I was talking the other day to a woman at my gym who was concerned about moving and the impact on her teenage son. She was worried that he would have trouble meeting friends because her son is very shy. I told her that I faced a similar situation when my husband took a job in the San Francisco area, but I knew that my son would make friends based on my own experience.
As a student, I went to two elementary schools, two junior high (middle) schools, two high schools and two universities. At each change, I met new friends from the members of my class. And as I predicted, my son found friends at his new school and has maintained that connection beyond his high school graduation.
You may think that I attended all of these schools because my family moved a lot. You would then be incorrect. I was a part of the baby boom that occurred after World War II. The number of children that were born in the years following the war strained the public school system. Communities were faced with having to build more schools to accommodate the dramatic increase in children of school age.

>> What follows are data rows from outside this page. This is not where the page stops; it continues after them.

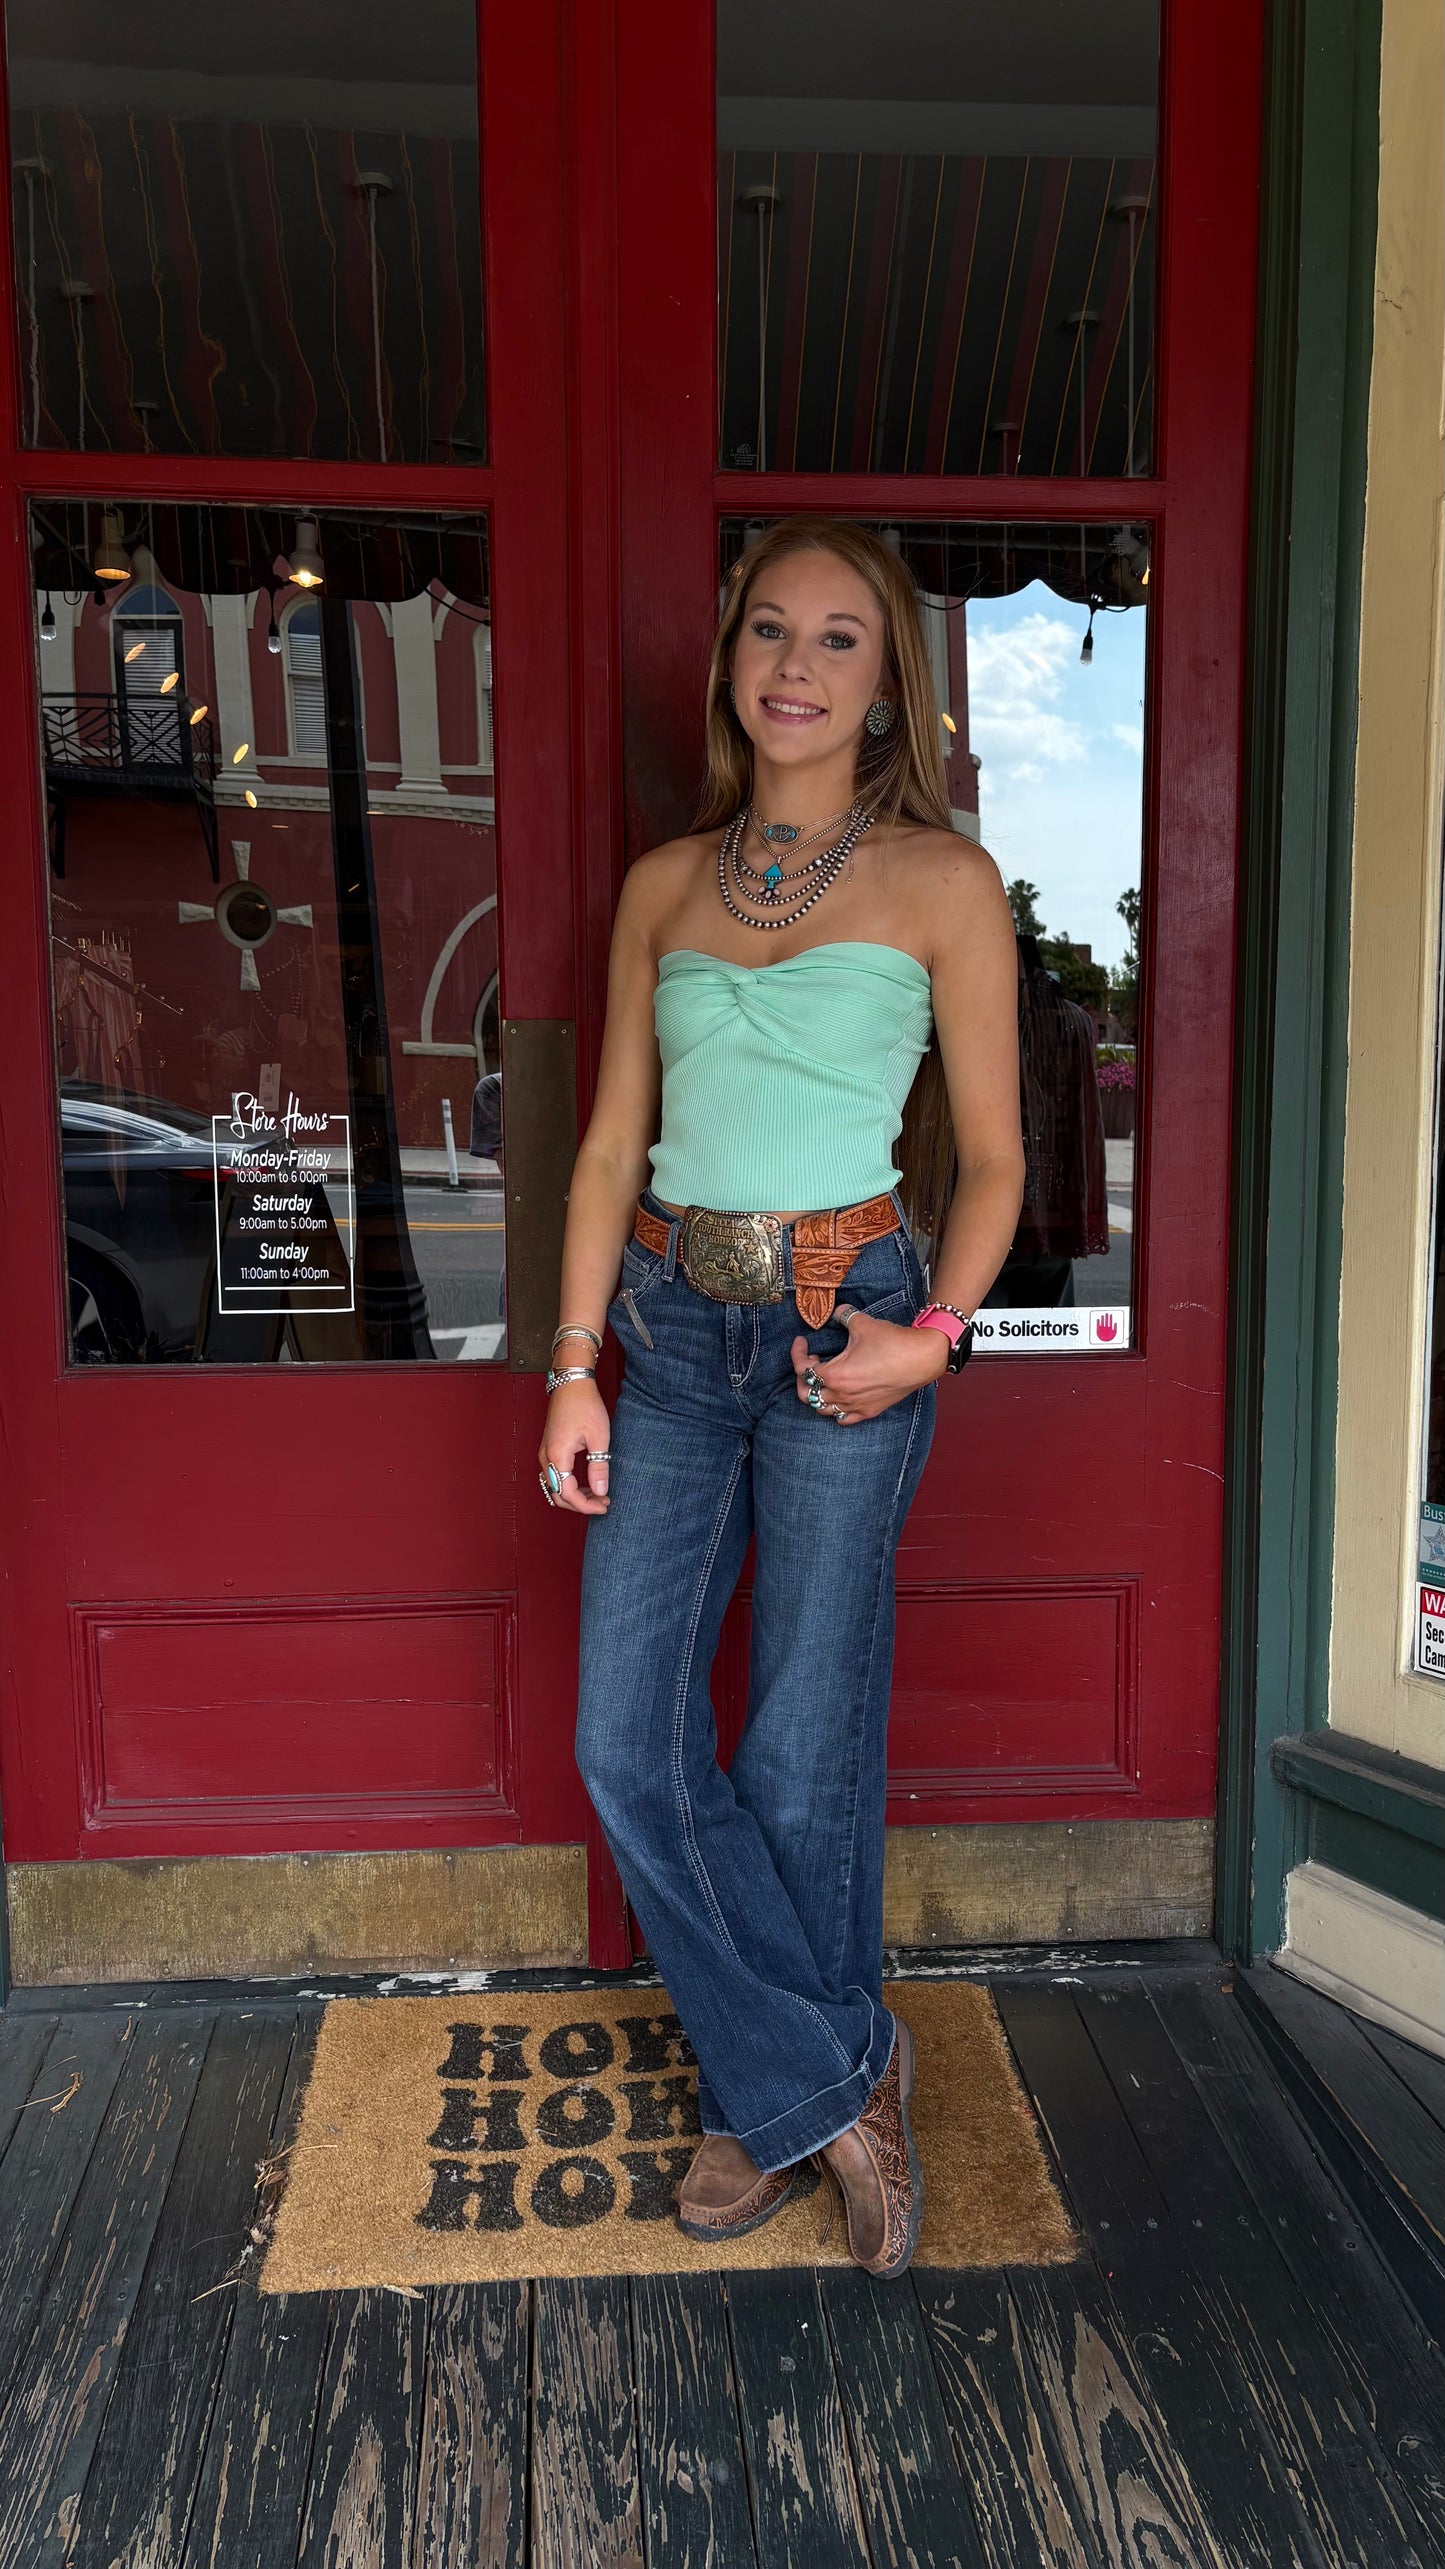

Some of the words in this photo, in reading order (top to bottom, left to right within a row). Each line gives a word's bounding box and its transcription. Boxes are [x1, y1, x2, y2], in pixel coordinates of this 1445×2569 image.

[230, 1092, 277, 1139] Store
[280, 1091, 329, 1139] Hours
[230, 1149, 331, 1170] Monday-Friday
[236, 1171, 276, 1183] 10:00am
[278, 1172, 288, 1183] to
[252, 1194, 313, 1214] Saturday
[239, 1217, 276, 1230] 9:00am
[278, 1218, 288, 1229] to
[259, 1242, 309, 1263] Sunday
[240, 1267, 277, 1280] 11:00am
[280, 1268, 290, 1280] to
[971, 1321, 994, 1337] No
[998, 1320, 1079, 1337] Solicitors
[1424, 1504, 1445, 1522] Bus
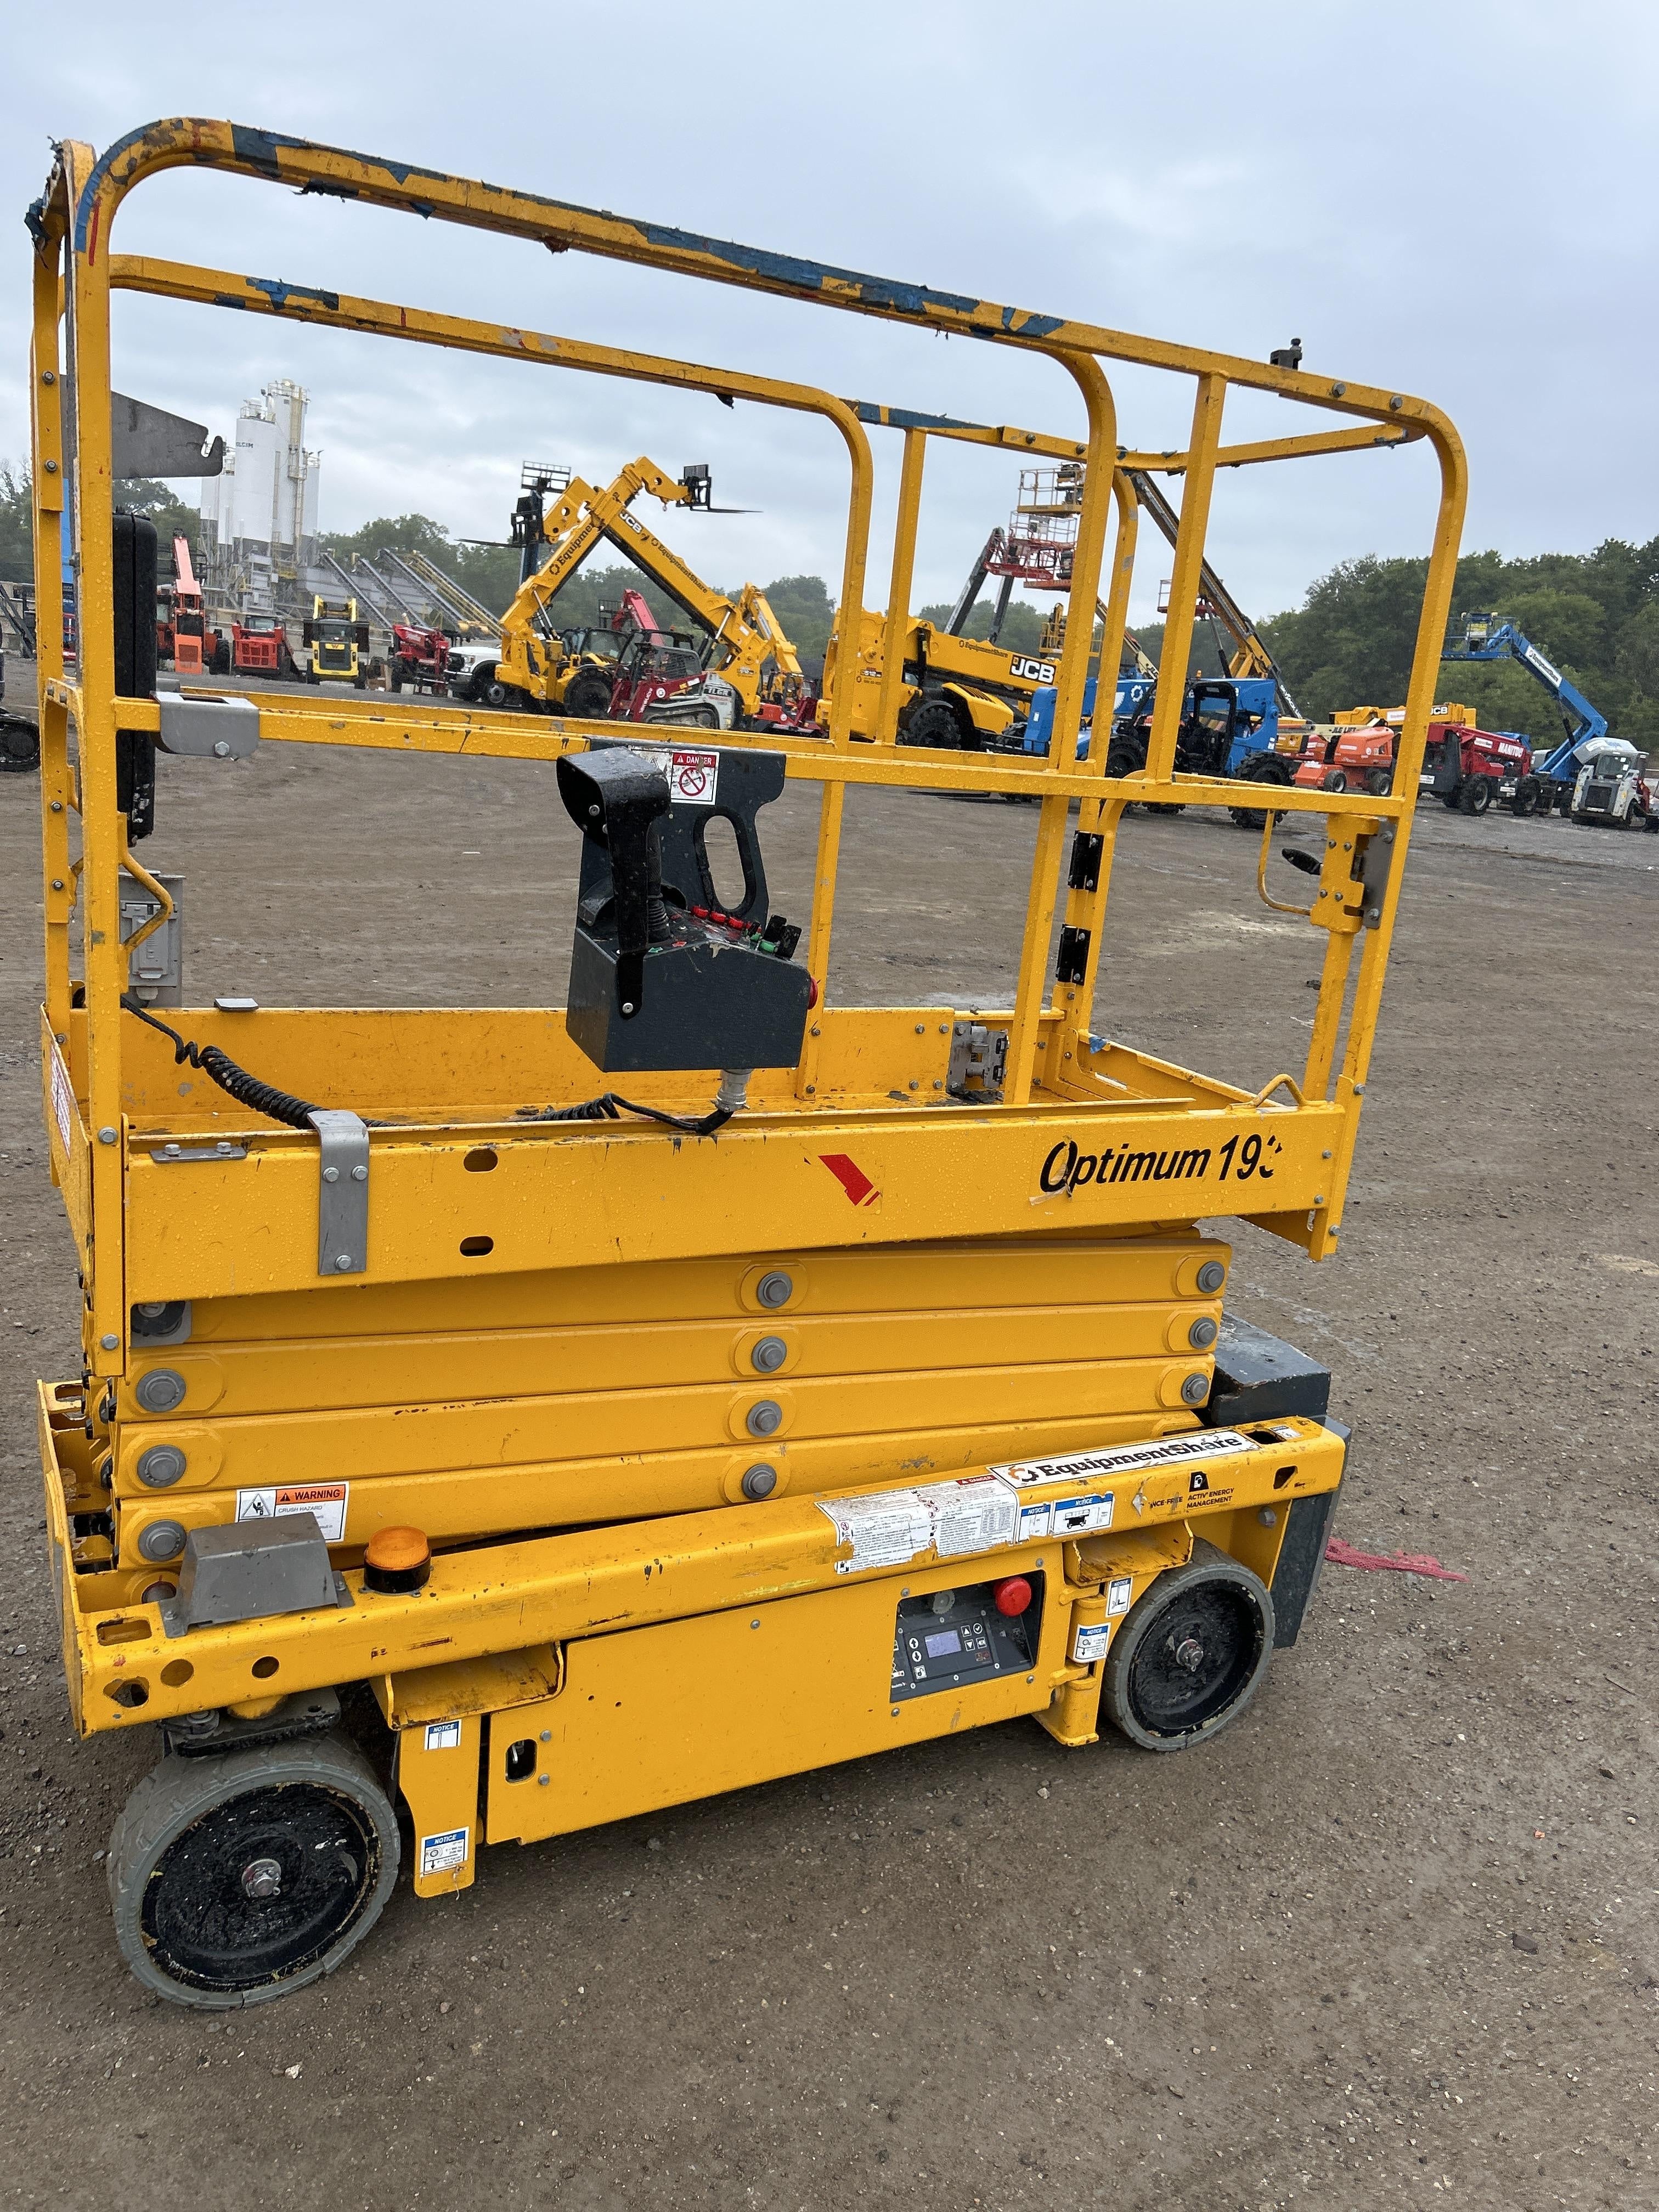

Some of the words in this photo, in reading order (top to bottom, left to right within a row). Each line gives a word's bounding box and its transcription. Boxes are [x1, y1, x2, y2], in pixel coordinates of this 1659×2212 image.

[618, 511, 643, 534] JCB
[658, 545, 708, 594] EquipmentShare
[965, 641, 1008, 658] EquipmentShare
[1012, 659, 1055, 684] JCB
[686, 756, 712, 765] DANER
[1040, 1139, 1211, 1198] Optimum
[1035, 1436, 1243, 1476] EquipmentShare
[294, 1489, 341, 1500] WARNING
[1209, 1488, 1234, 1497] ENERGY
[1075, 1497, 1093, 1506] NOTICE
[1186, 1496, 1233, 1509] MANAGEMENT
[433, 1723, 455, 1733] NOTICE
[435, 1834, 457, 1844] NOTICE

I started kindergarten at Adair Avenue Elementary School. I don't have much recollection of my time at the school. I remember being in kindergarten and sitting on the floor while the teacher read us a story. I also remember coloring pussy willows with colored chalk and having to have a nap on a mat in a darkened room. First grade also left me with few memories.
I fell off the schoolbus regularly when we arrived at the school to the point that I had bandages on my knees on a regular basis and had scars on my knees for many years later. As it turns out I needed glasses. By first grade, we were starting to read. I had learned to read before I was in kindergarten because my mother was a former school teacher. But this was the first time that I was asked to read from the blackboard. So that year I ended up with eye glasses.
My brother had started kindergarten that year but was at New Hope School. This school had been a one-room school in what was a rural part of the county. It was scheduled to be demolished but was temporarily saved by the urgent need of a place to house kindergarten students. Adair Avenue kindergarten was full.
The next year, I was to begin my second grade. My 1st grade brother and kindergarten brother all started at Noble Avenue Elementary School. The construction on the school was not completed until after the school year began. The focus was on completing the classrooms and then finishing the remaining facilities within the building.
I was in the morning kindergarten class so was home by lunch time, but I had lunch in the school cafeteria when I was in 1st grade. In the early months of second grade, we had to bring our lunch and we ate lunch in our classroom. Before I ended my time in second grade, we had a cafeteria. It was at Noble Avenue School that I first experienced the multi-purpose room.
Noble Avenue School was my home from second through sixth grade. However, as I was about to enter junior high school, the school district needed to build another junior high school. I ended up at the new school rather than the school that I had expected to attend. This time most of my class from Noble Avenue were in the same school with me but I was placed into a special program at the school. The students in this program were kept separated from the other new junior high students. There were 72 of us divided into two homerooms. Since we came from several elementary schools, I found myself in a homeroom with about a quarter of the students I already knew.
My parents then moved us to California. I attended O A Peters Intermediate School. I made some friends, some of whom ended up at the same high school with me. The end of that year, my parents bought a house that was in the same school district but would place me in another high school, This was the school from which I graduated.
During my time in high school, the district was building a 5th high school and had created a contest to name the 5th school. A few years after I graduated from high school, the district lines were redrawn so that my younger siblings ended up at another high school than the one from which I graduated.
Years later, many of the schools were closed because there were not enough students. But the one thing that I learned from my years as a student is that you will meet friends.